Janitor of Lunacy's 'Lovely Times' From 1985 Is the Synth Rediscovery That Feels Like Finding a Lost Tape in Your Attic

A 1985 Janitor of Lunacy track called 'Lovely Times' has quietly resurfaced on r/synthwave, and it sounds like an analogue artefact that deserved far more.
There is a particular kind of joy reserved for the moment a forgotten track resurfaces — not through a label reissue campaign or a Netflix sync, but through the quiet, almost accidental act of someone sharing a YouTube link in a subreddit. That is exactly what happened this week when Reddit user trick17 dropped a post in r/synthwave pointing to Janitor of Lunacy's 'Lovely Times', recorded in 1985 and largely buried beneath the decades ever since.
If you have never heard of Janitor of Lunacy in this context, you are not alone. The name carries immediate weight for anyone steeped in the art-rock lineage — it is, of course, the title of one of Nico's most haunting compositions — but as a standalone synth project from the mid-eighties, it occupied a far more obscure corner of the landscape. 'Lovely Times' feels like it was made in the golden haze between post-punk's slow exhale and the full commercial bloom of synth-pop, a record that did not quite fit the charts but absolutely fits this moment.
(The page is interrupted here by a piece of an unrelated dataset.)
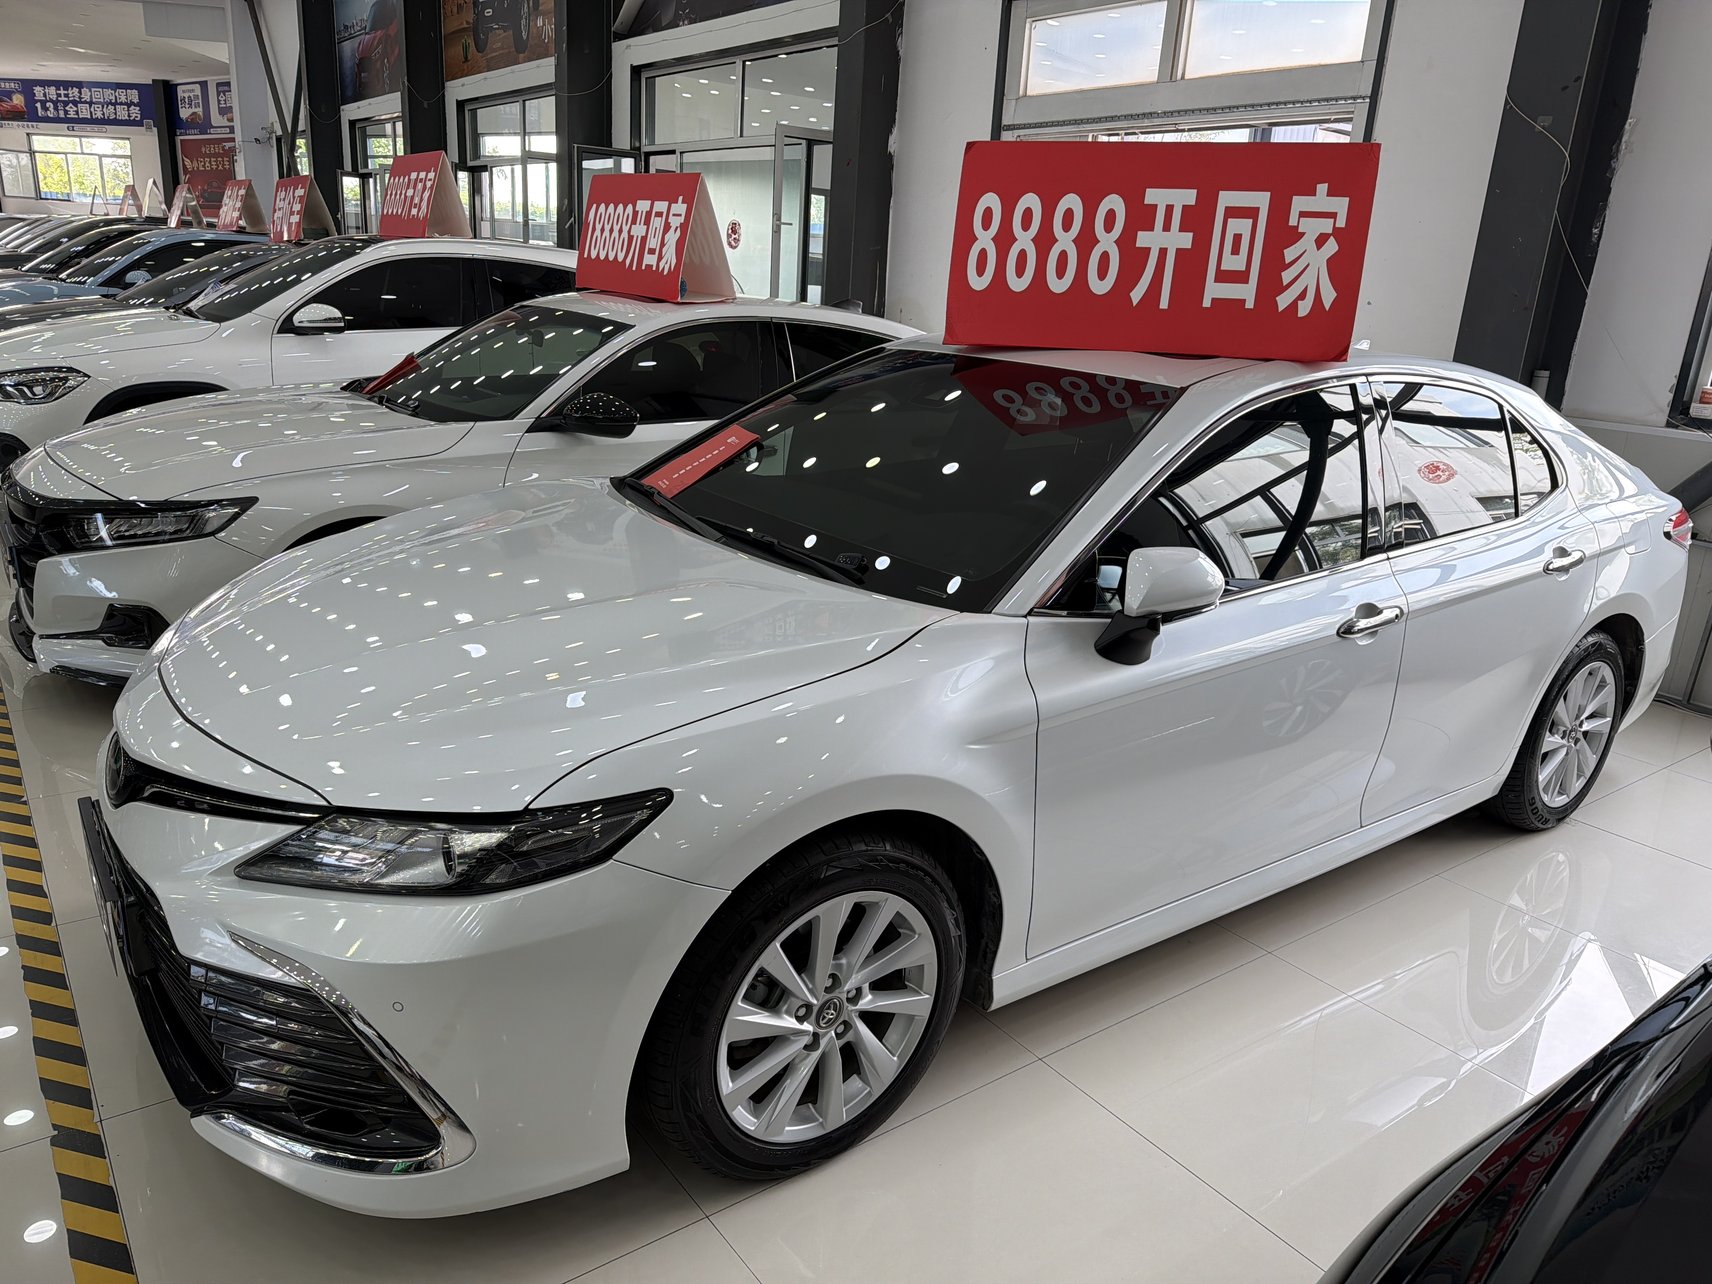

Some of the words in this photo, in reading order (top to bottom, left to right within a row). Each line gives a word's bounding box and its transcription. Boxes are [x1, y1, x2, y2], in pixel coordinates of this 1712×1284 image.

[32, 86, 140, 104] 查博士终身回购保障
[583, 195, 688, 276] 18888开回家
[966, 183, 1351, 318] 8888开回家
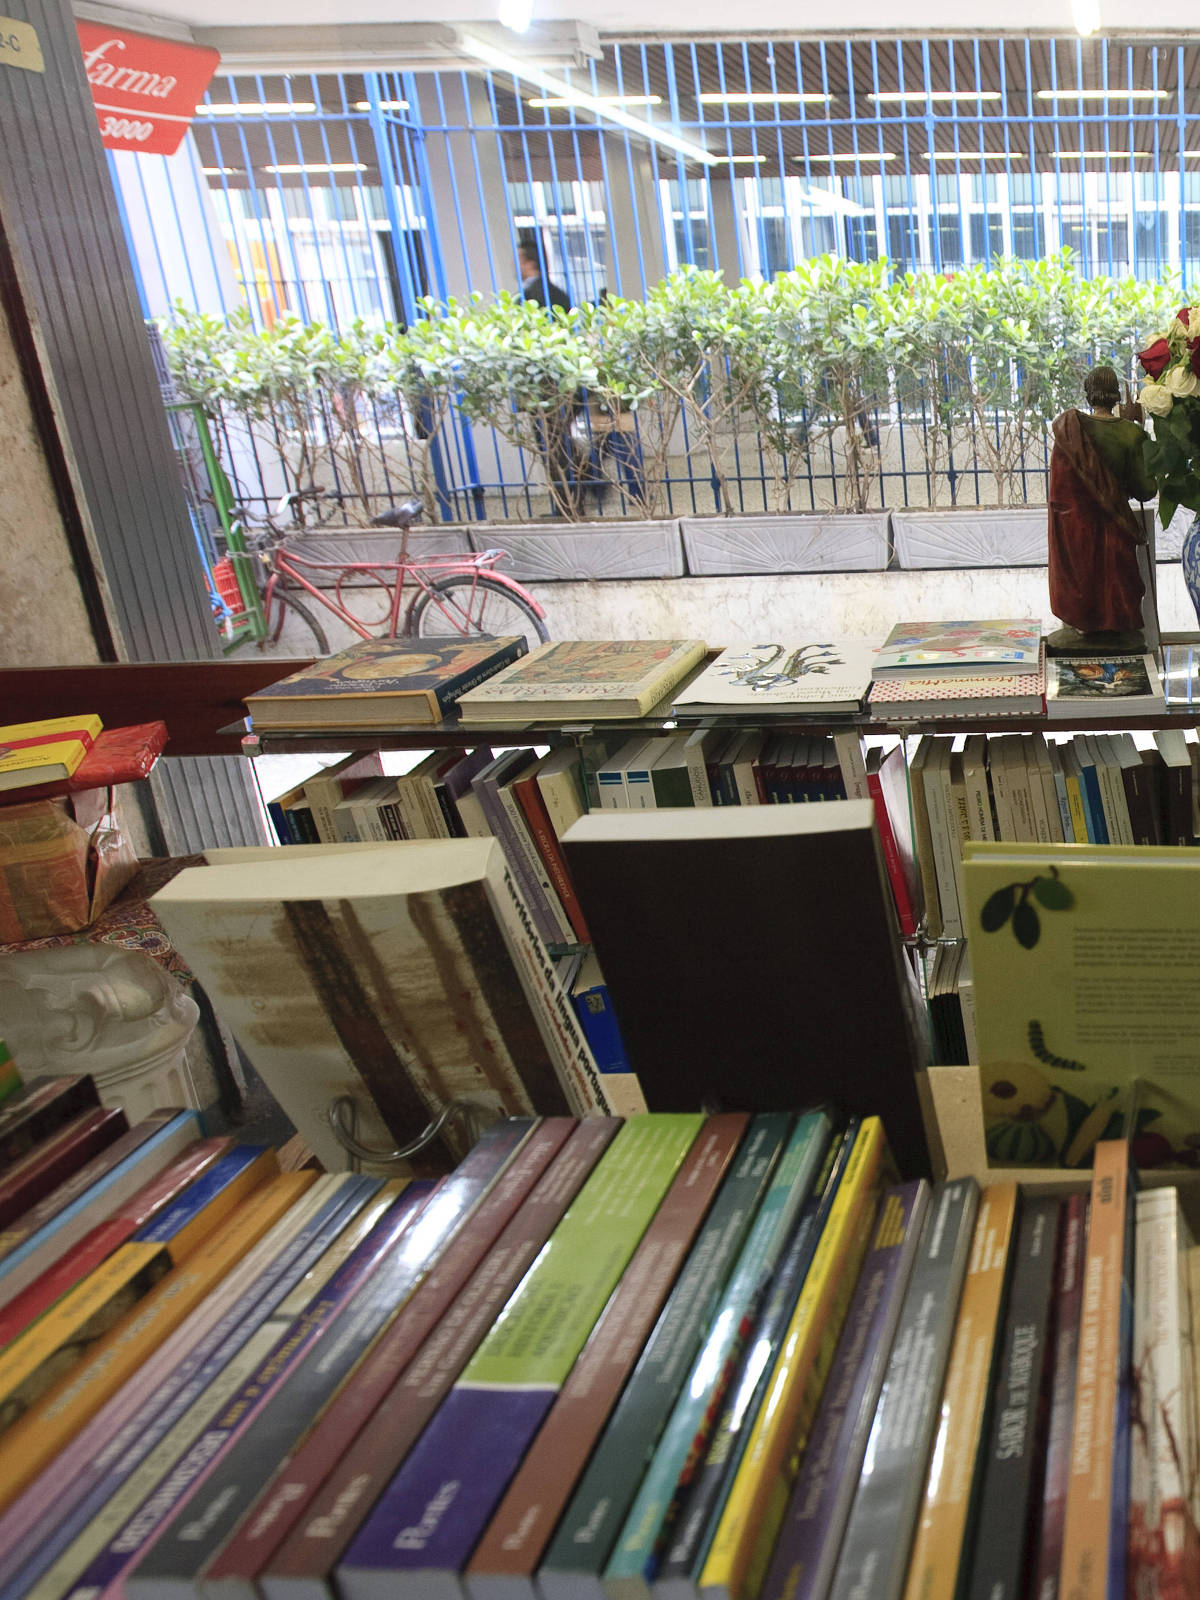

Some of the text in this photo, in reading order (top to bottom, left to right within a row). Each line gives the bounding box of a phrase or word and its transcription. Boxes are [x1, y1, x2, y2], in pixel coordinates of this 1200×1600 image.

Why 1985 Sounds So Relevant in 2026
We have been here before, of course. Every few years the scene rediscovers another artifact from the analogue era and holds it up to the light. But what makes this particular rediscovery feel different is the cultural timing. After COVID fractured the dancefloor experience for two years and sent an entire generation of producers spiraling into their bedrooms with vintage gear and memories of sounds they barely understood, the music that emerged was slower, stranger, more introspective. Now, as events return and BPMs climb back toward the tempos that defined the late nineties and early 2000s, there is simultaneously a hunger for the quieter, more textural side of electronic history.
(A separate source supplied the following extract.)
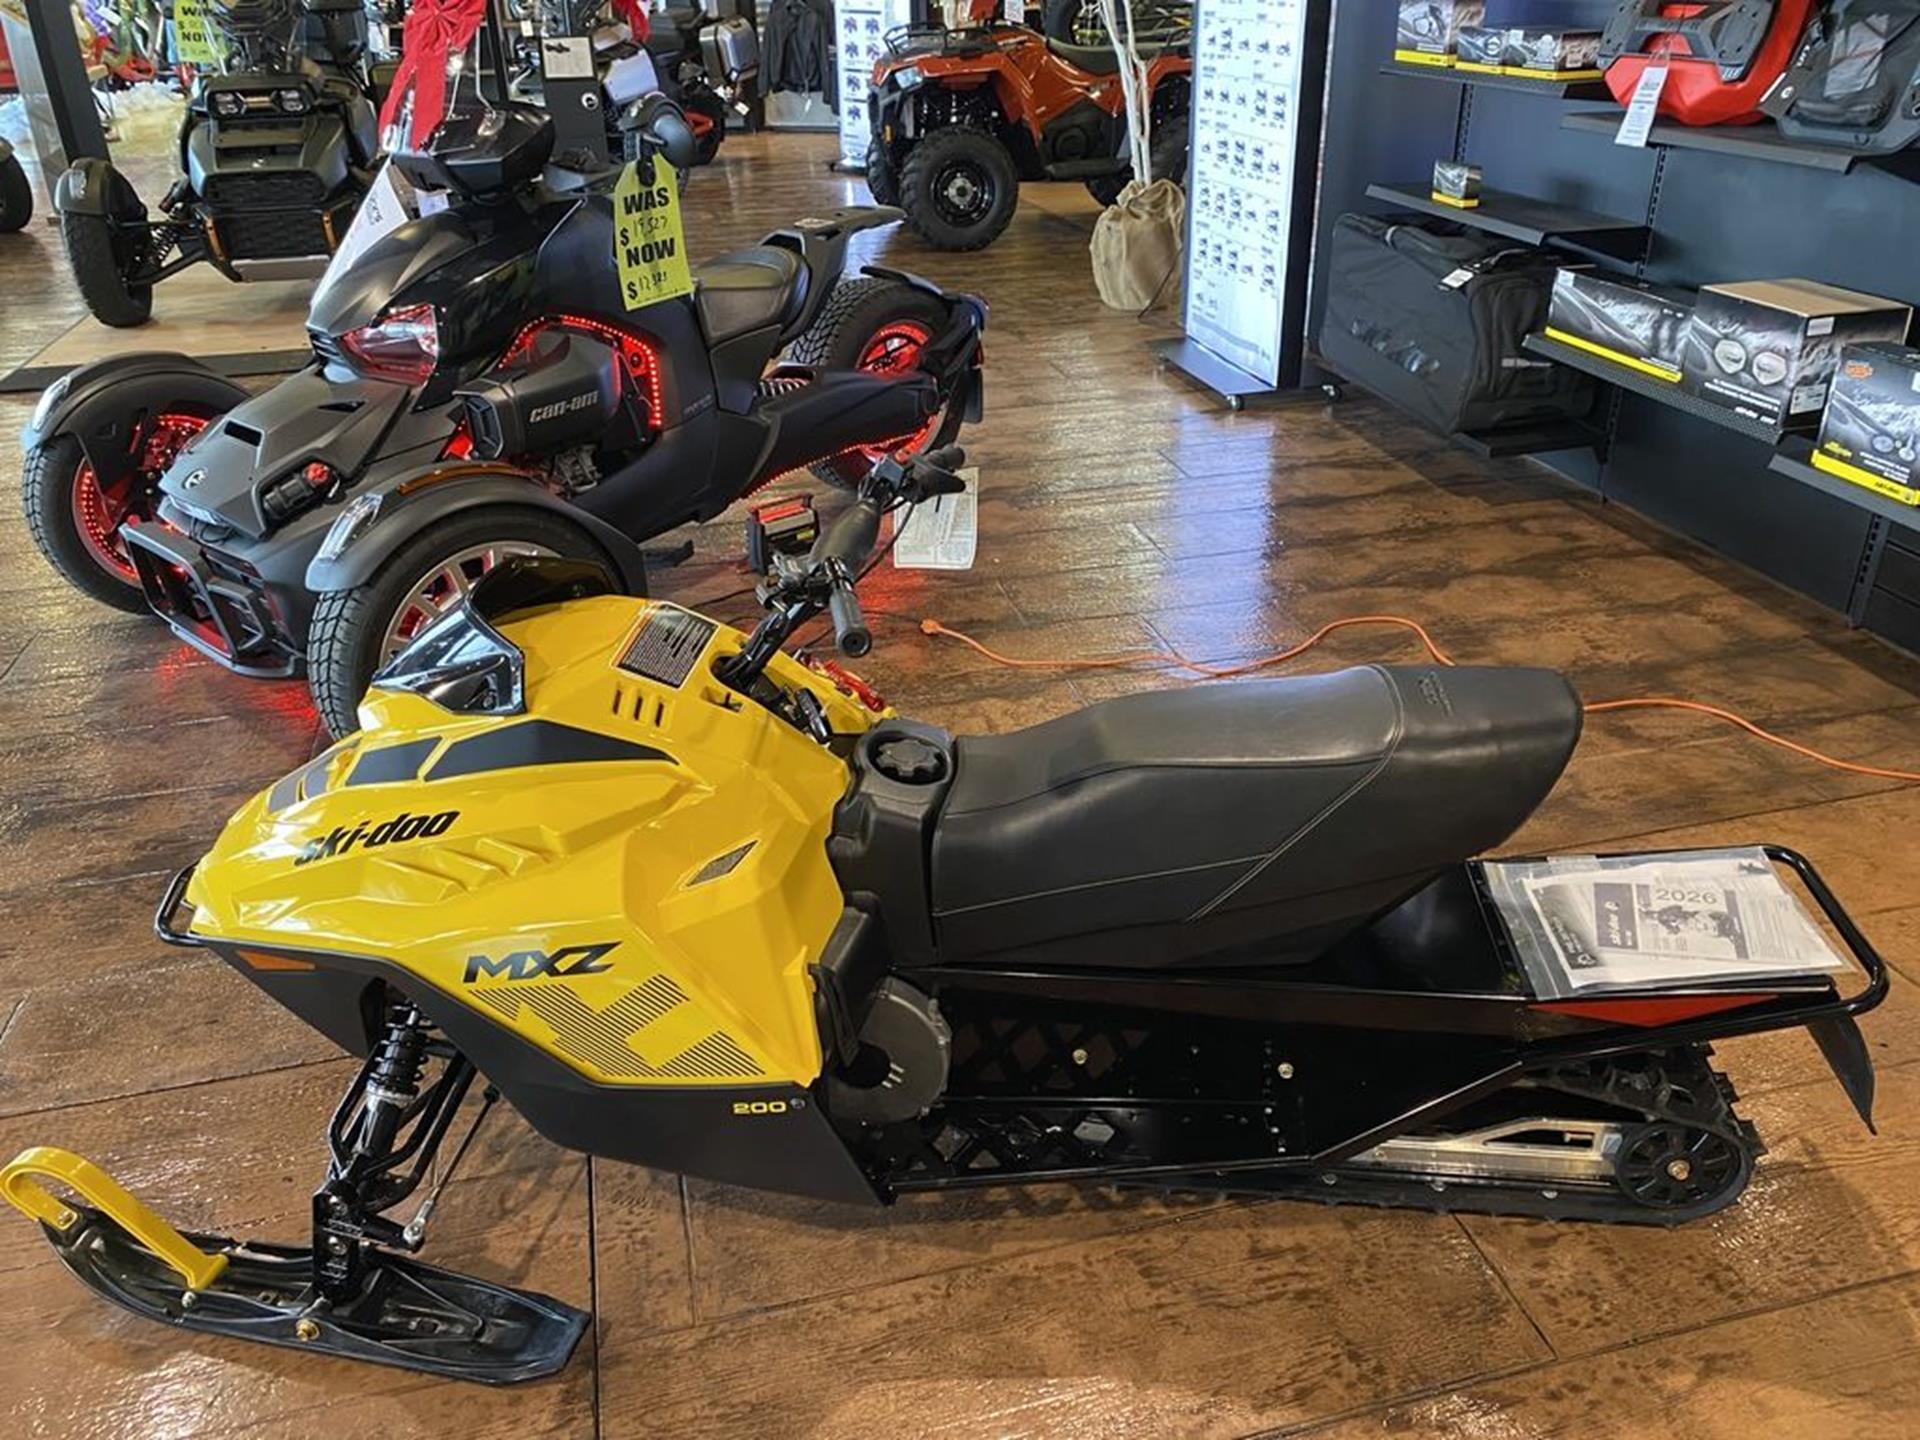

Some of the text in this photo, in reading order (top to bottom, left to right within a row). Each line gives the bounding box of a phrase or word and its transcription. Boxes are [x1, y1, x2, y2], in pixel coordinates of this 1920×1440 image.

'Lovely Times' sits right in that gap. It is not a floor-filler. It is not trying to be Tiësto or ATB or anything that would have filled the Trance Energy arena in 2001. Instead, it pulses gently with that unmistakable analogue warmth — sequenced basslines that feel hand-crafted rather than quantised into submission, melodies that hang in the air like smoke, a production aesthetic that owes everything to the limitations of 1985 hardware and nothing to the polished excess that followed.
The Synthwave Community as Cultural Archaeology
What r/synthwave does better than almost any other online space is function as a living archive. It is not purely a genre community in the traditional sense — it is a group of people who treat the 1980s not as nostalgia but as an ongoing source of raw material. The six upvotes on this particular post should not fool you: these are the kinds of shares that ripple outward slowly, finding the right ears days or weeks after the original post fades from the front page.
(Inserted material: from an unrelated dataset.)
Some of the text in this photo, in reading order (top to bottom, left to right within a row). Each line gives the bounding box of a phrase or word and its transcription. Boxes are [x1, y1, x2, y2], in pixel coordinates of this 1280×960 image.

We saw the same slow-burn discovery process with countless obscure Italo disco tracks that ended up inspiring entire albums, with forgotten new-wave B-sides that found new life in synthwave producer sample packs, with Belgian EBM cuts that suddenly started appearing in DJ sets from Berlin to Buenos Aires. 'Lovely Times' has that same quiet potential — the kind of track that sounds immediately familiar even if you have never heard it, because it was built from the same emotional vocabulary that the best of that era shared.
A Sound That Was Always Ahead of Its Moment
The tragedy of so much mid-eighties synth music is that it arrived slightly too early or slightly too late. The commercial machinery had not yet figured out how to market the darker, more experimental edges of the scene, and so a great deal of genuinely extraordinary work slipped through the cracks into obscurity. 'Lovely Times' feels like one of those casualties — a track that deserved a wider audience in 1985 and is only now, forty-one years later, beginning to find it.
That is, in many ways, the most romantic thing about electronic music history. The tape does not decay. The feeling does not expire. And every so often, someone opens a browser tab, types a title into a search bar, and reminds us all that lovely times, as it turns out, are exactly that.